Superconductors are materials that conduct electrical current with almost no electrical resistance at all. This property makes them particularly appealing for a variety of applications, including loss-less power cables, electric motors and generators, and powerful electromagnets that can be utilized for MRI imaging and magnetic levitating trains. researchers have now detailed the superconducting properties of a new class of superconducting material, magic-angle twisted bilayer .
Low temperatures are required for a material to behave as a superconductor. In fact, most materials only enter the superconducting phase at extremely low temperatures, such as -270°C, which is lower than the temperature observed in space! Because such substantial cooling necessitates highly expensive and specialized liquid helium cooling equipment, its practical uses are severely limited. This is the primary reason why superconducting technologies are still in their early stages.
High-temperature superconductors (HTS), such as some iron and copper-based ones, reach the superconducting phase above -200°C, a temperature that is more easily attained by cooling a device with liquid nitrogen, which can cool a system down to -195.8°C. However, HTS’s industrial and commercial applications have been limited thus far. HTS materials that are currently known and available are brittle ceramic materials that are not bendable into usable shapes such as wires. Furthermore, they are notoriously difficult and expensive to produce. This makes the quest for novel superconducting materials vital, and it is a major focus of research for physicists like Prof. Hiroshi Kontani and Dr. Seiichiro Onari of Nagoya University’s Department of Physics.

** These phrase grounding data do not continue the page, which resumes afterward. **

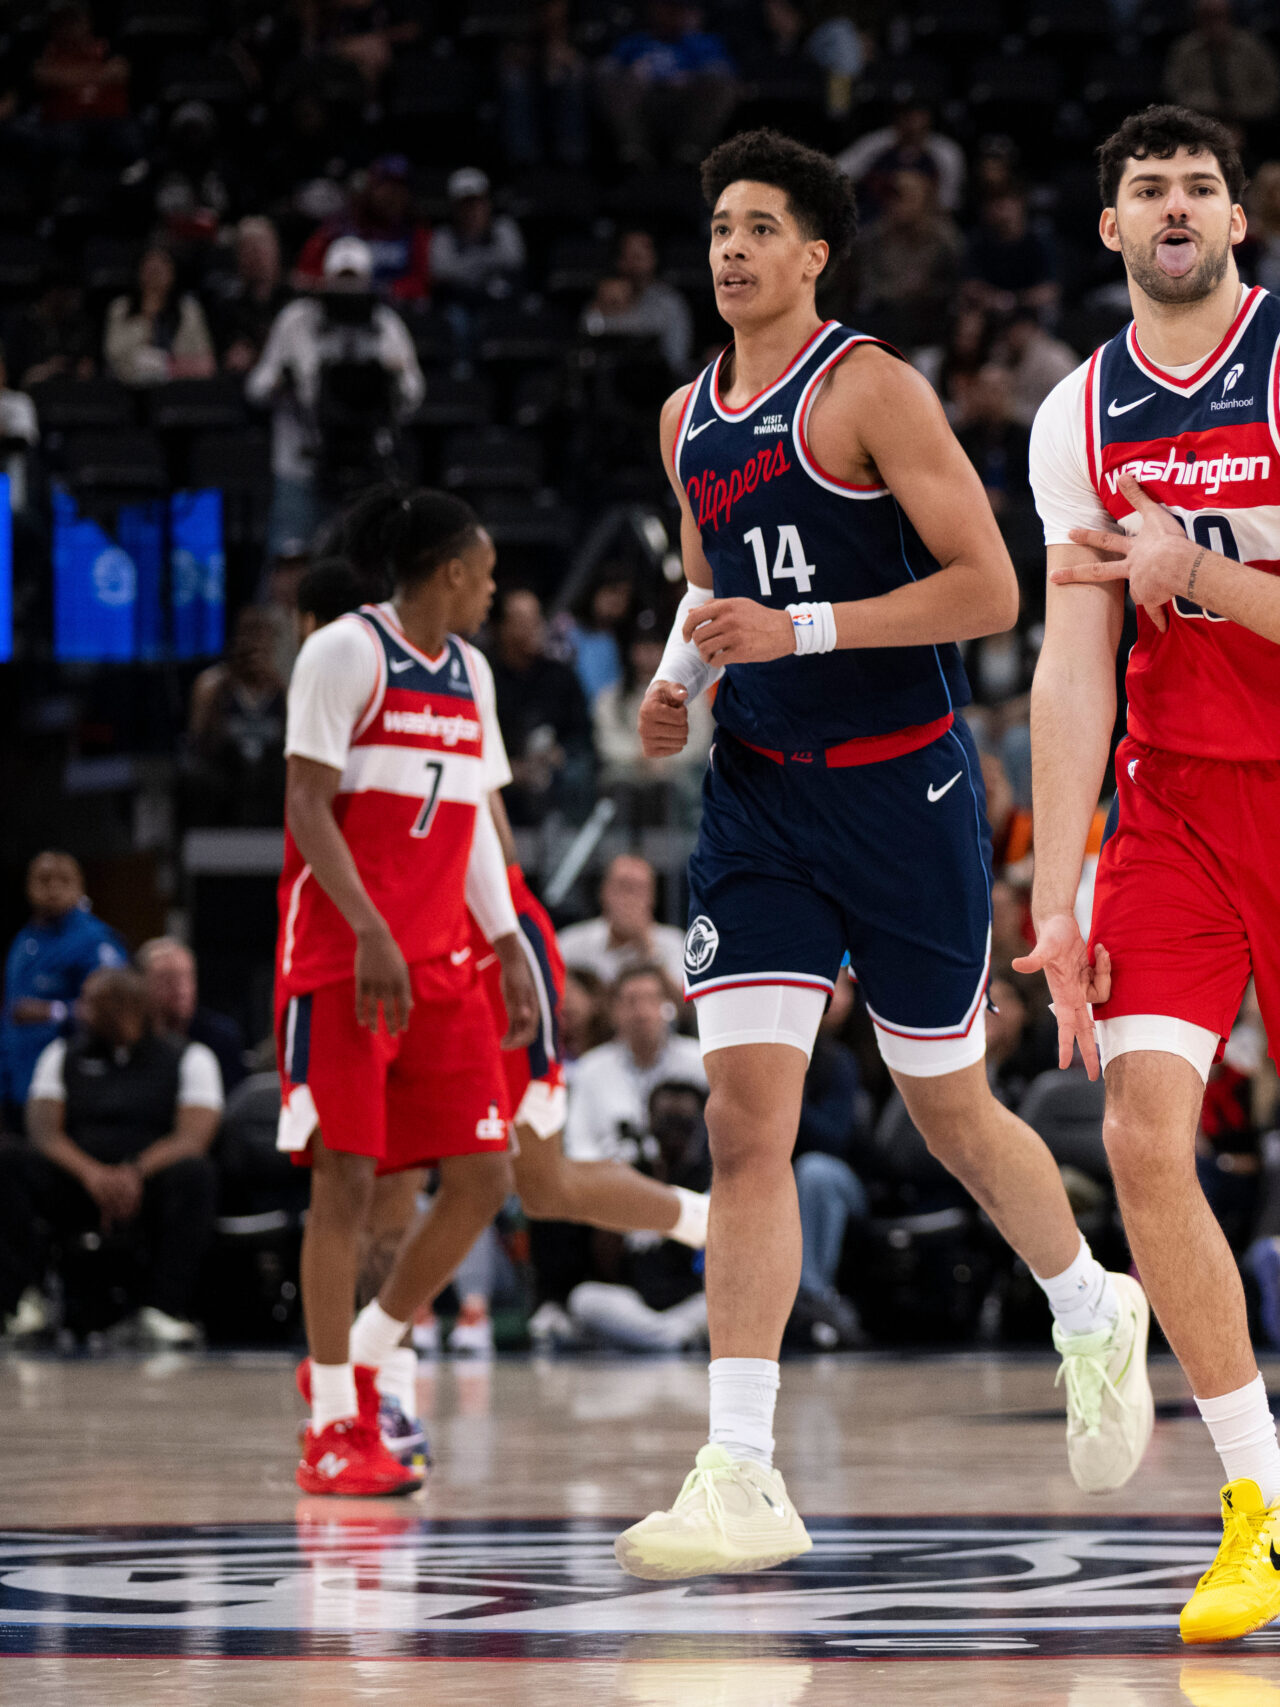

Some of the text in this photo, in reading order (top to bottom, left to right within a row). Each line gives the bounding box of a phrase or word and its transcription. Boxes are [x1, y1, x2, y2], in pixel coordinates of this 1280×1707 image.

[762, 414, 783, 425] VISIT
[1210, 396, 1254, 411] Robinhood
[753, 422, 789, 436] RWANDA
[686, 439, 791, 532] Clippers
[743, 525, 816, 596] 14
[409, 758, 443, 838] 7

Recently, a new material has been proposed as a potential superconductor called magic-angle twisted bilayer graphene (MATBG). In MATBG, two layers of graphene, essentially single two-dimensional layers of carbon arranged in a honeycomb lattice, are offset by a magic angle (about 1.1 degrees) that leads to the breakage of rotational symmetry and the formation of a high-order symmetry known as SU(4). As temperature changes, the system experiences quantum fluctuations, like water ripples in the atomic structure, that lead to a novel spontaneous change in the electronic structure and a reduction in symmetry. This rotational symmetry breaking is known as the nematic state and has been closely associated with superconducting properties in other materials.
In their work published recently in Physical Review Letters, Prof. Kontani and Dr. Onari use theoretical methods to better understand and shine light on the source of this nematic state in MATBG. “Since we know that high-temperature superconductivity can be induced by nematic fluctuations in strongly correlated electron systems such as iron-based superconductors, clarifying the mechanism and origin of this nematic order can lead to the design and emergence of higher temperature superconductors,” explains Dr. Onari.

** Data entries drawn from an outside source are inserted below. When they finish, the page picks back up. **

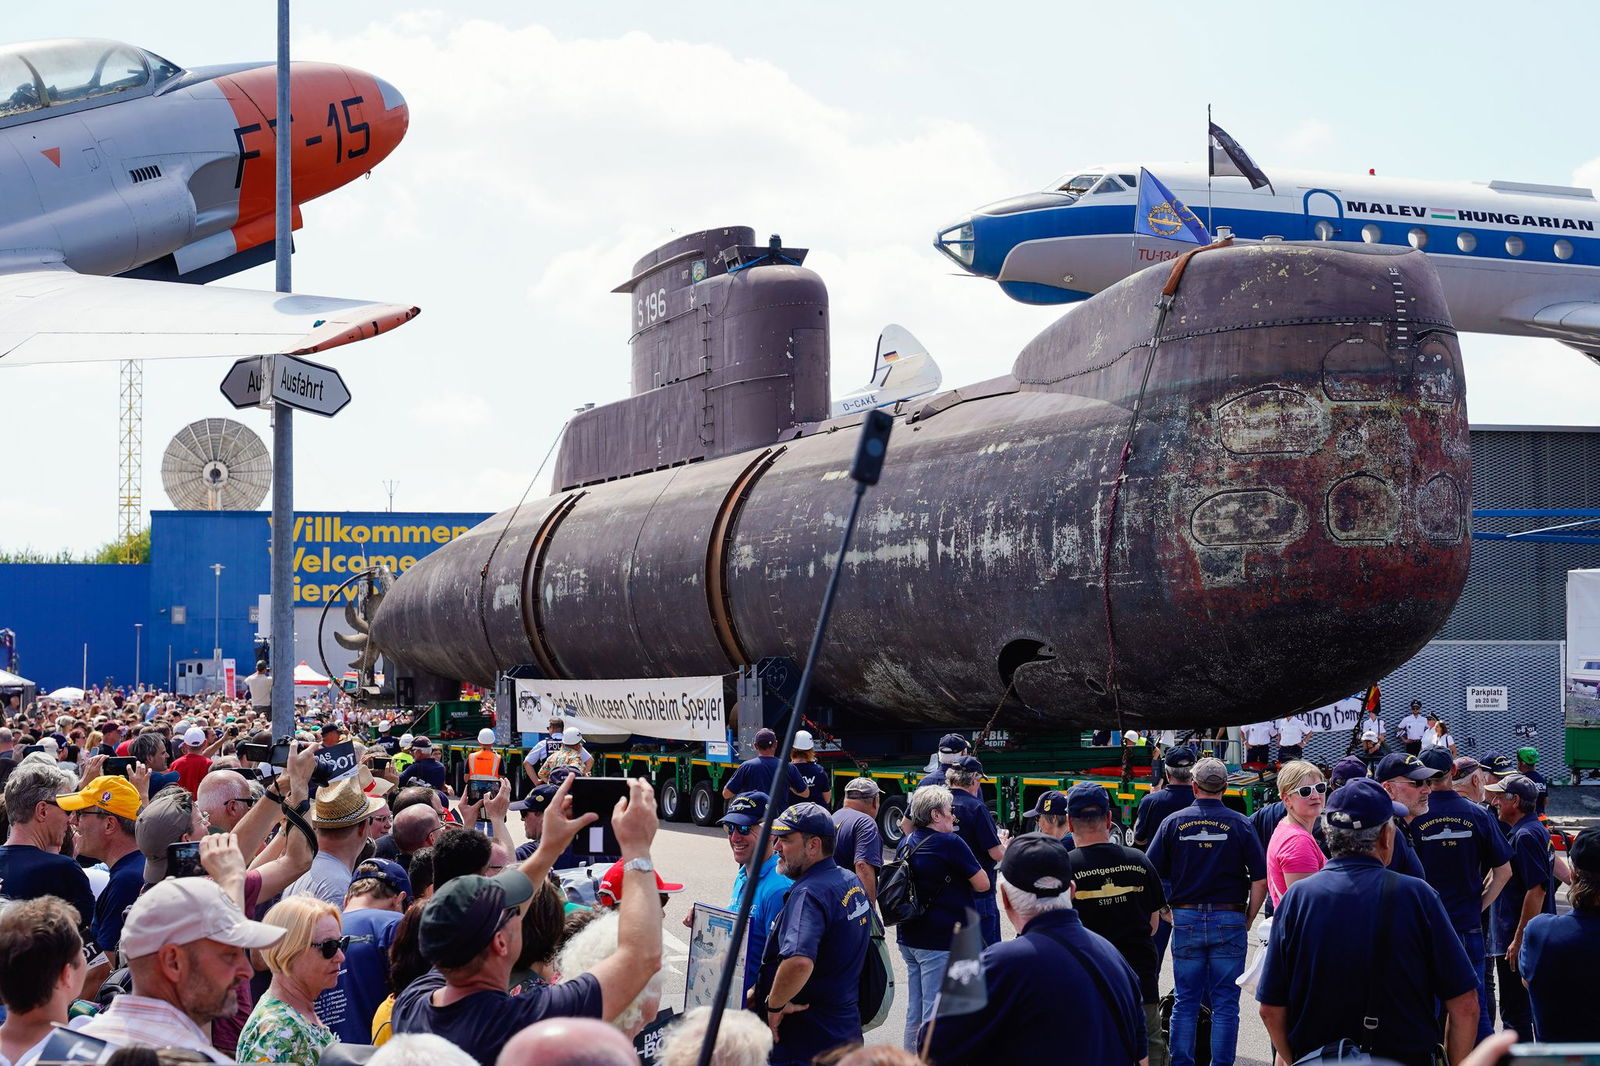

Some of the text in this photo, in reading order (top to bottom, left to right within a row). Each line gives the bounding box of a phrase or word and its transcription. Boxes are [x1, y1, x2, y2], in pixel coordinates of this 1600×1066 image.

[1346, 200, 1595, 231] MALEV HUNGARIAN
[637, 287, 667, 327] S 196
[280, 365, 324, 401] Ausfahrt
[842, 393, 879, 411] D-CAKE
[1471, 688, 1503, 697] Parkplatz
[584, 694, 628, 720] Museen
[626, 692, 681, 721] Sinsheim
[681, 692, 722, 729] Speyer
[1178, 819, 1231, 832] Unterseeboot U17
[1418, 816, 1474, 831] Unterseeboot U17
[1074, 864, 1147, 880] Ubootgeschwader
[644, 1027, 664, 1044] DAS

The researchers found that nematic order in MATBG originates from the interference between the fluctuations of a novel degree of freedom that combines the valley degrees of freedom and the spin degrees of freedom, something that has not been reported from conventional strongly correlated electron systems. The superconducting transition temperature of twisted bilayer graphene is very low, at 1K (-272°C), but the nematic state manages to increase it by several degrees.
Their results also show that although MATBG behaves in some ways like an iron-based high-temperature superconductor, it also has some distinct properties that are quite exciting, such as a net charge loop current giving rise to a magnetic field in a valley polarized state, while the loop current is canceled out by each valley in the nematic state. Besides, the malleability of graphene can also play an important role in increasing the practical applications of these superconductors.
With a better understanding of the underlying mechanisms of superconductivity, science and technology inch closer to a conducting future that is indeed super.
Reference: “SU(4) Valley+Spin Fluctuation Interference Mechanism for Nematic Order in Magic-Angle Twisted Bilayer Graphene: The Impact of Vertex Corrections” by Seiichiro Onari and Hiroshi Kontani, 9 February 2022, Physical Review Letters.